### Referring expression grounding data
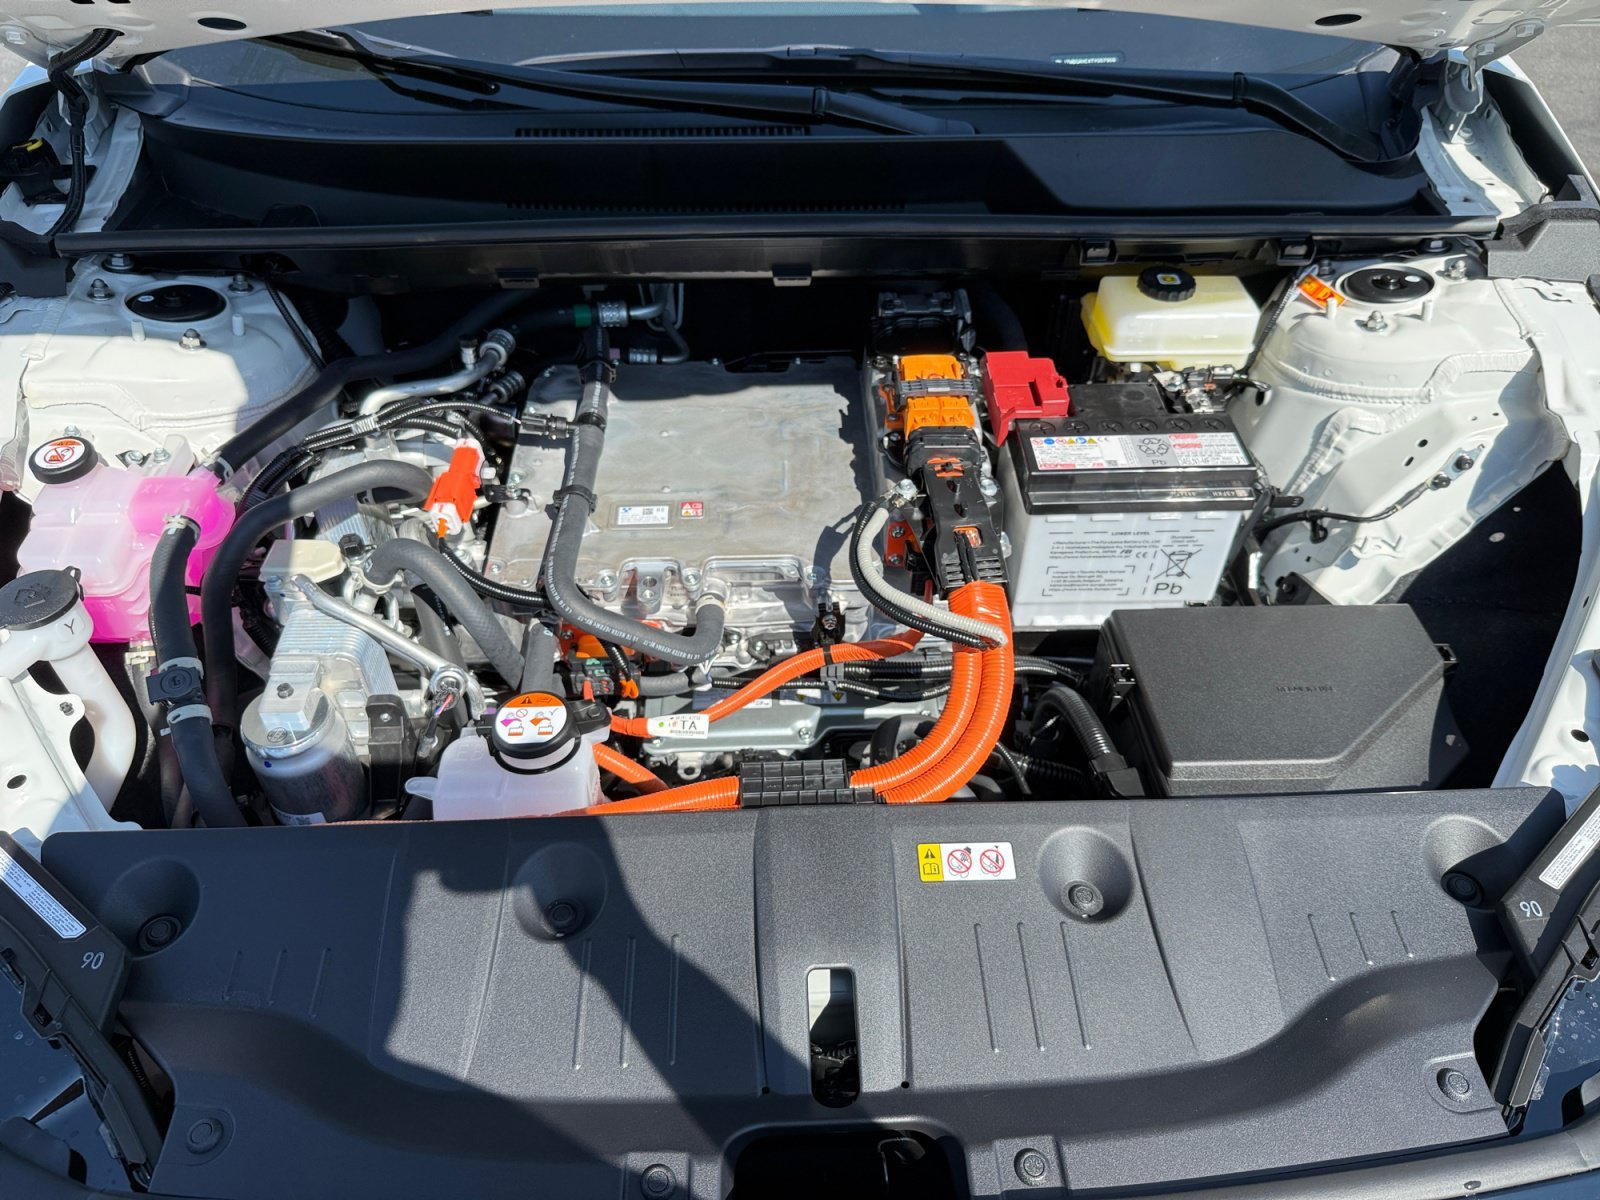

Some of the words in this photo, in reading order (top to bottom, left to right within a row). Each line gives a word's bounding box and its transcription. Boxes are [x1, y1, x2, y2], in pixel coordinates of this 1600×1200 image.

[1153, 582, 1183, 595] Pb
[64, 618, 75, 635] Y
[680, 720, 697, 730] TA
[1519, 900, 1543, 918] 90
[80, 951, 105, 969] 90
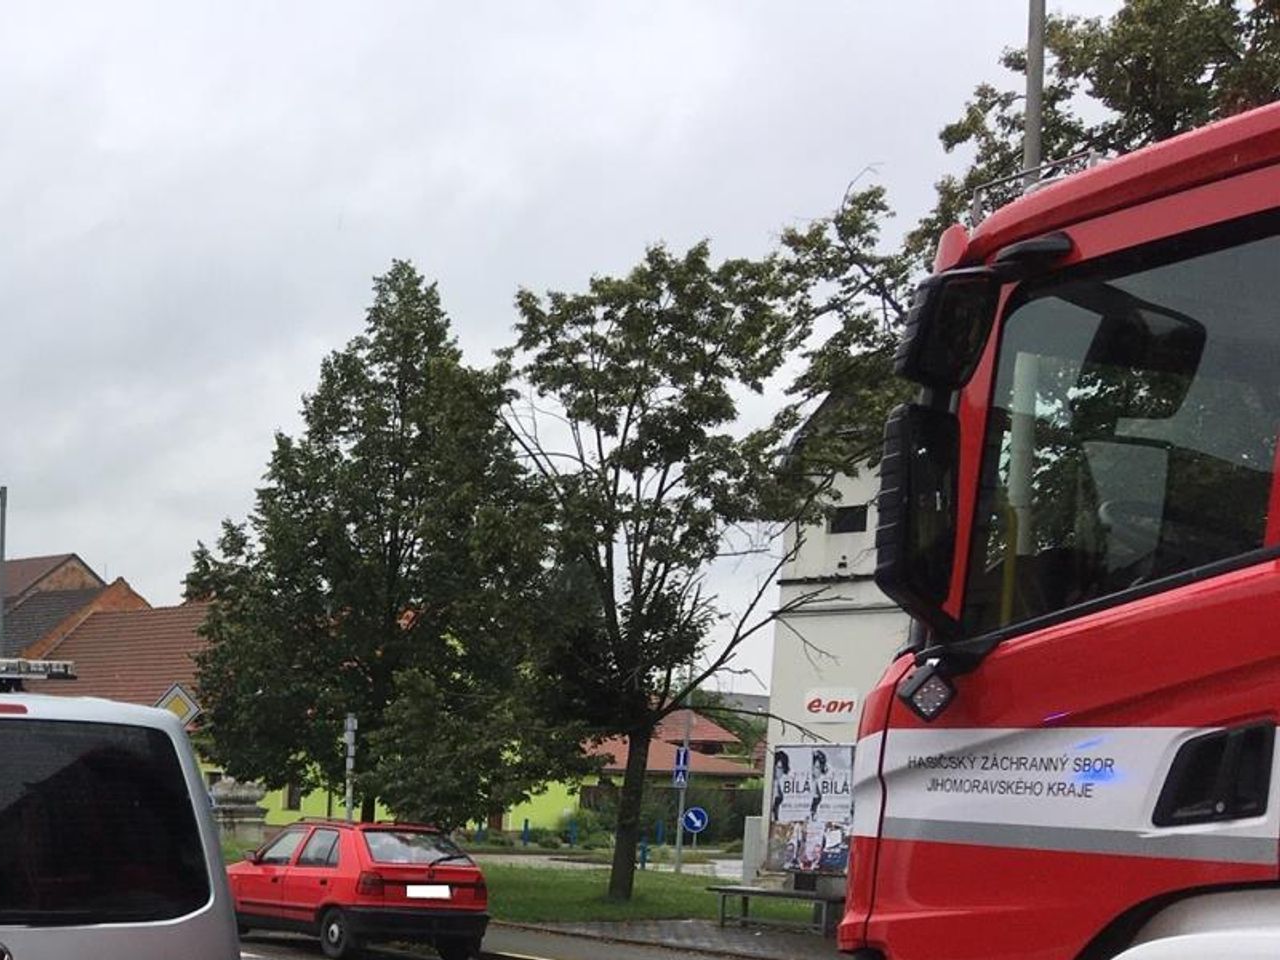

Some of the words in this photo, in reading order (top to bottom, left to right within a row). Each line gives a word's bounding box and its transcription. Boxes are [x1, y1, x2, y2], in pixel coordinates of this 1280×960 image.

[981, 753, 1069, 772] ZÁCHRANNÝ
[1073, 757, 1115, 773] SBOR
[927, 777, 1043, 796] JIHOMORAVSKÉHO
[1046, 782, 1095, 798] KRAJE

### WORK TASK
Pictures excluded, quote all the data above exactly.

### TASK OUTPUT
Some of the words in this photo, in reading order (top to bottom, left to right within a row). Each line gives a word's bounding box and its transcription. Boxes are [x1, y1, x2, y2], in pixel coordinates of this 1600×1200 image.

[1153, 582, 1183, 595] Pb
[64, 618, 75, 635] Y
[680, 720, 697, 730] TA
[1519, 900, 1543, 918] 90
[80, 951, 105, 969] 90

Some of the words in this photo, in reading order (top to bottom, left to right within a row). Each line gives a word's bounding box and its transcription. Boxes are [x1, y1, x2, y2], in pixel coordinates of this 1280×960 image.

[981, 753, 1069, 772] ZÁCHRANNÝ
[1073, 757, 1115, 773] SBOR
[927, 777, 1043, 796] JIHOMORAVSKÉHO
[1046, 782, 1095, 798] KRAJE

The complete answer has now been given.